How do you apply for Marriage Allowance and manage backdated claims?

The application process for Marriage Allowance is designed to be accessible and free of charge. The lower-earning partner is the individual who applies, initiating the transfer of their unused personal allowance.

Applications are made online via GOV.UK at the official URL gov.uk/apply-marriage-allowance. The process requires the National Insurance number for both partners to verify eligibility and process the transfer. HMRC does not charge any fee for this application.

Once a claim is made and approved, any backdated amount is paid as a single lump sum directly to the higher-earning partner. This ensures the immediate recovery of past savings. For the current tax year, the saving is applied through an adjustment to the higher earner's tax code, reducing their ongoing tax deductions at source. Estimates from published HMRC data and personal finance outlets indicate that approximately 4 million eligible UK couples have not yet claimed this allowance, highlighting a significant opportunity for tax relief.

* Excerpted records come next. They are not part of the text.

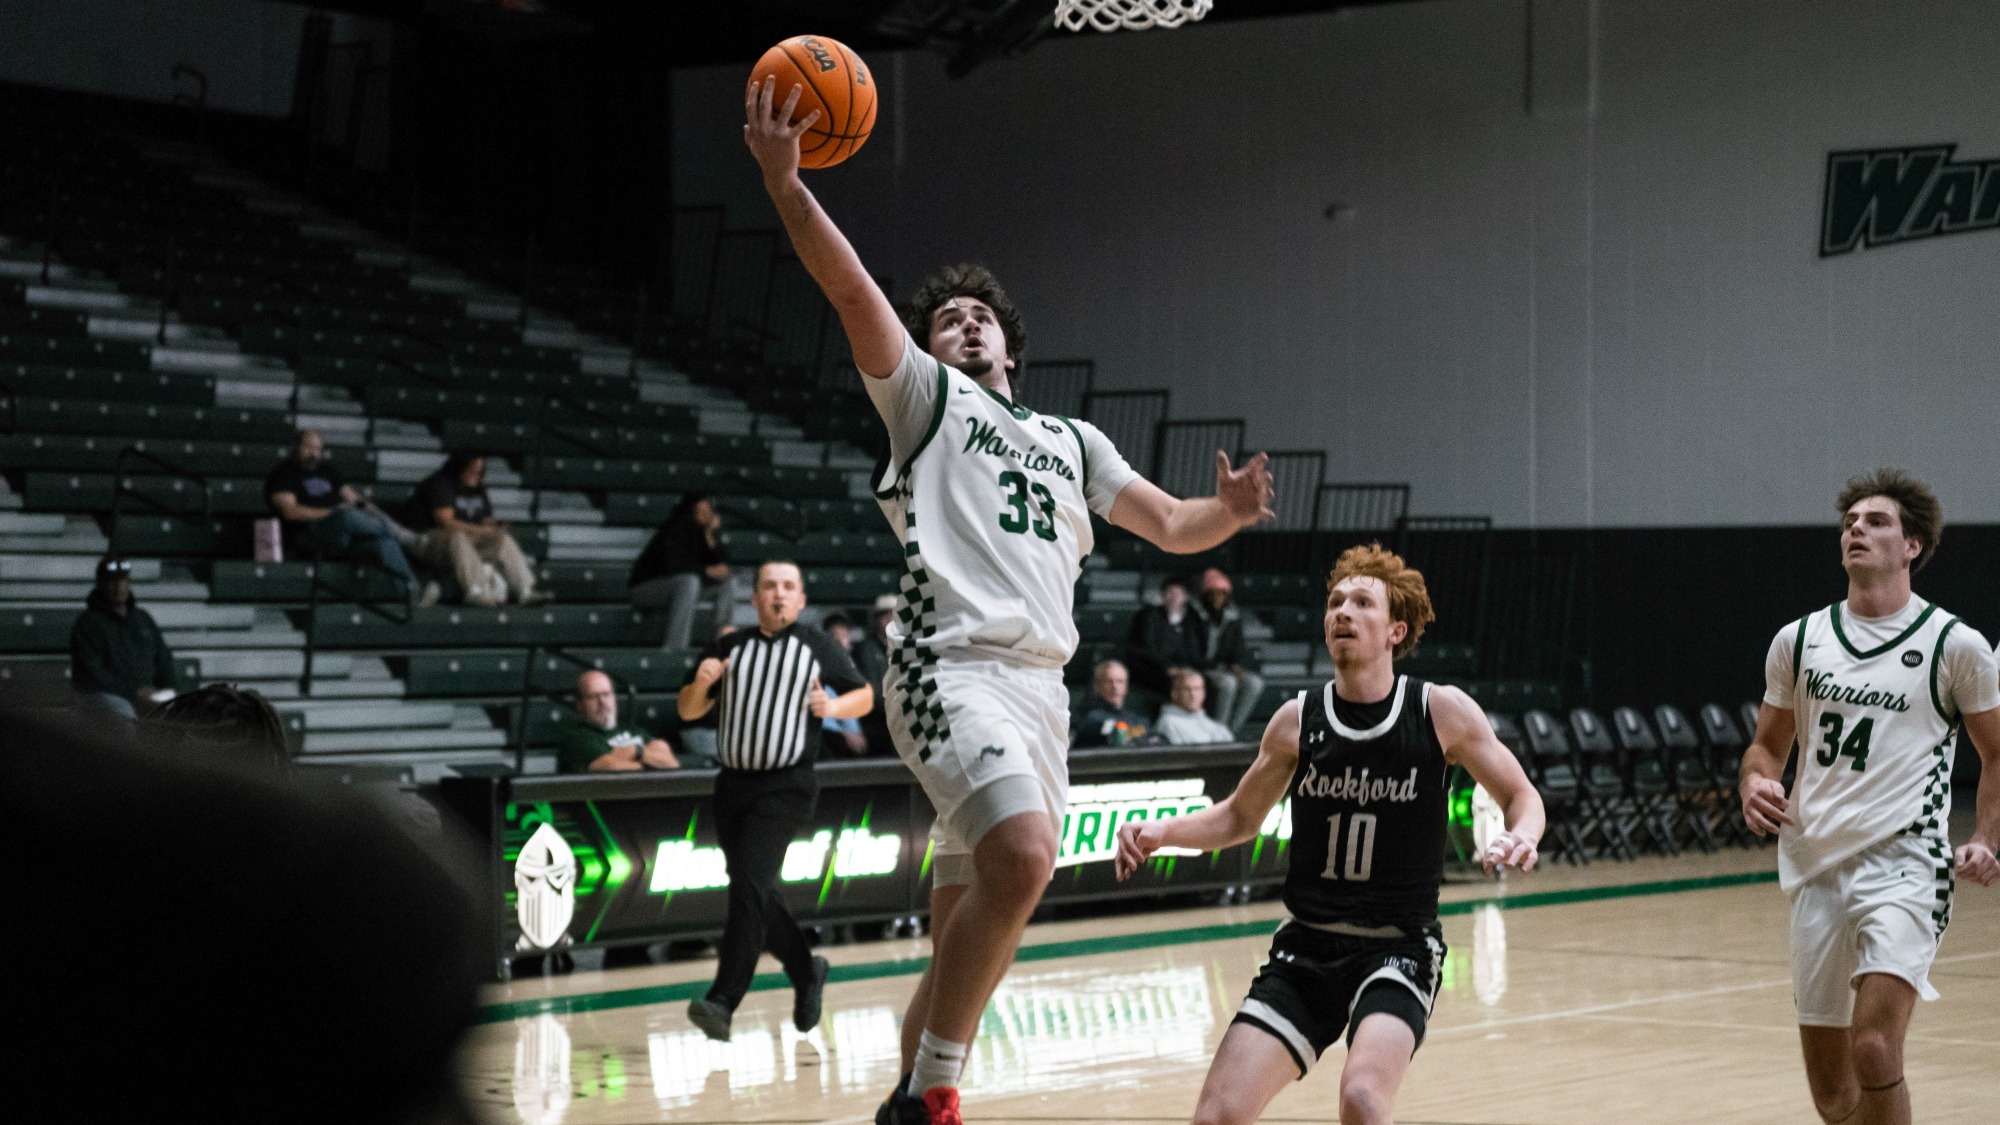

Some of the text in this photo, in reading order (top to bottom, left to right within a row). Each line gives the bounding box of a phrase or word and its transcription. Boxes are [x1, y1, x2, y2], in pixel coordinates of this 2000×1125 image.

[998, 470, 1058, 542] 33
[1804, 668, 1911, 713] Warriors
[1816, 711, 1875, 773] 34
[1297, 762, 1418, 807] Rockford
[834, 827, 901, 877] the
[1320, 812, 1377, 882] 10

How do Scotland's tax thresholds affect Marriage Allowance?

While the core principles of Marriage Allowance remain consistent across the UK, Scotland operates with devolved income-tax thresholds. These thresholds, including the basic-rate, intermediate and higher-rate bands, differ slightly from those in England, Wales and Northern Ireland.

For couples residing in Scotland, the eligibility test for the higher-earning partner, specifically regarding their status as a basic-rate income tax payer, uses these distinct Scottish bands. This means that while the personal allowance amount of £12,570 for 2026/27 is universal, the income range defining a basic-rate taxpayer for the purposes of Marriage Allowance eligibility will align with Scotland's specific tax structure.

What happens if your circumstances change or you need to cancel Marriage Allowance?

Once granted, Marriage Allowance continues to apply automatically year-on-year. However, certain changes in a couple's circumstances can affect eligibility or necessitate action.

If the lower earner's income rises above the personal allowance (£12,570 in 2026/27), or if the partners separate, divorce or are bereaved, the eligibility criteria may no longer be met. In such cases, the allowance may need to be adjusted or cancelled. Either partner can cancel the Marriage Allowance at any time by contacting HMRC directly. HMRC will then adjust both partners' tax codes accordingly from the next tax year.

Following the death of a partner, the surviving partner can still claim backdated Marriage Allowance for any tax years in which the couple was eligible while both partners were alive. This provision ensures that families can still recover past entitlements during a difficult period.

What should you do next?

Couples in the UK who believe they might be eligible for Marriage Allowance should verify their current income and marital status against the criteria for the 2026/27 tax year and previous years. Gather the National Insurance numbers for both partners. Proceed to the official GOV.UK website to submit an application, ensuring all relevant tax years are considered for backdating.